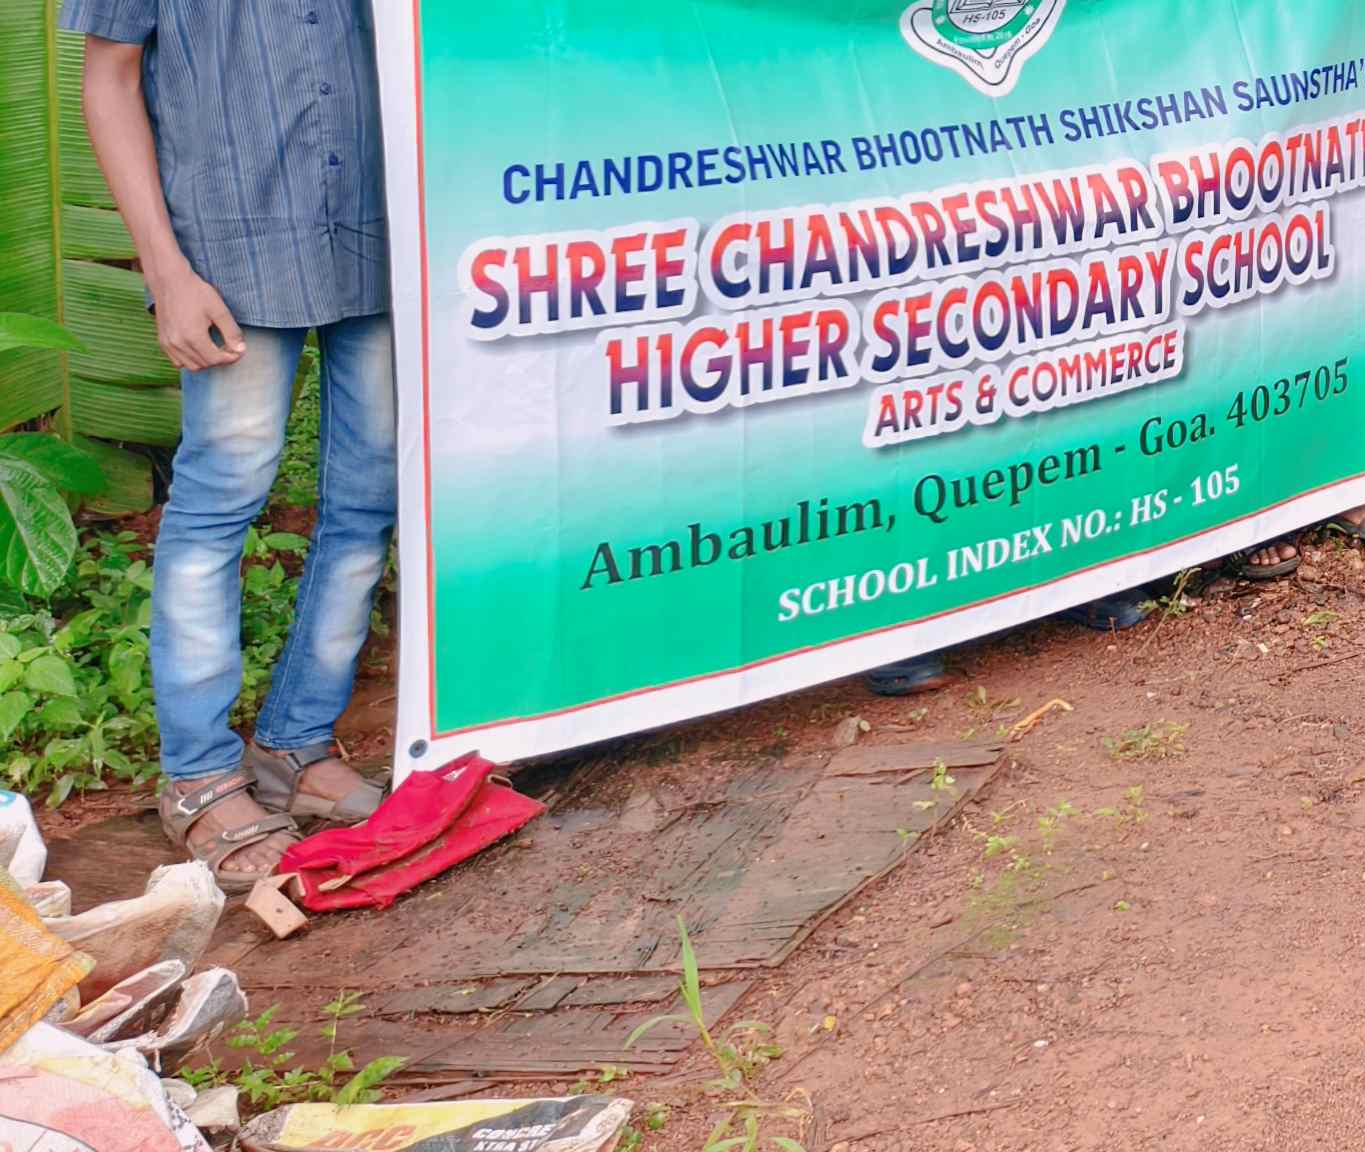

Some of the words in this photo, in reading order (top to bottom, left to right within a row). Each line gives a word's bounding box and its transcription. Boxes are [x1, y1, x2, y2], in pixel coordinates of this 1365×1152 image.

[962, 9, 1006, 24] HS-105
[503, 139, 847, 204] CHANDRESHWAR
[852, 114, 1052, 170] BHOOTNATH
[1059, 90, 1227, 142] SHIKSHAN
[470, 228, 687, 329] SHREE
[710, 167, 1155, 298] CHANDRESHWAR
[606, 309, 848, 414] HIGHER
[871, 248, 1169, 372] SECONDARY
[1183, 210, 1330, 306] SCHOOL
[874, 380, 962, 436] ARTS
[976, 374, 996, 414] &
[1008, 329, 1177, 407] COMMERCE
[580, 497, 895, 590] Ambaulim,
[914, 442, 1102, 523] Quepem
[1139, 412, 1215, 456] Goa.
[1226, 356, 1349, 429] 403705
[778, 557, 937, 621] SCHOOL
[947, 526, 1053, 581] INDEX
[1060, 509, 1122, 547] NO.:
[1129, 488, 1168, 528] HS
[1191, 464, 1240, 507] 105

········

TASK TO CARRY OUT: Your answer should copy the listing word for word, with no pictures in it.

ANSWER SECTION:
Some of the words in this photo, in reading order (top to bottom, left to right within a row). Each line gives a word's bounding box and its transcription. Boxes are [x1, y1, x2, y2], in pixel coordinates of this 1365×1152 image.

[962, 9, 1006, 24] HS-105
[503, 139, 847, 204] CHANDRESHWAR
[852, 114, 1052, 170] BHOOTNATH
[1059, 90, 1227, 142] SHIKSHAN
[470, 228, 687, 329] SHREE
[710, 167, 1155, 298] CHANDRESHWAR
[606, 309, 848, 414] HIGHER
[871, 248, 1169, 372] SECONDARY
[1183, 210, 1330, 306] SCHOOL
[874, 380, 962, 436] ARTS
[976, 374, 996, 414] &
[1008, 329, 1177, 407] COMMERCE
[580, 497, 895, 590] Ambaulim,
[914, 442, 1102, 523] Quepem
[1139, 412, 1215, 456] Goa.
[1226, 356, 1349, 429] 403705
[778, 557, 937, 621] SCHOOL
[947, 526, 1053, 581] INDEX
[1060, 509, 1122, 547] NO.:
[1129, 488, 1168, 528] HS
[1191, 464, 1240, 507] 105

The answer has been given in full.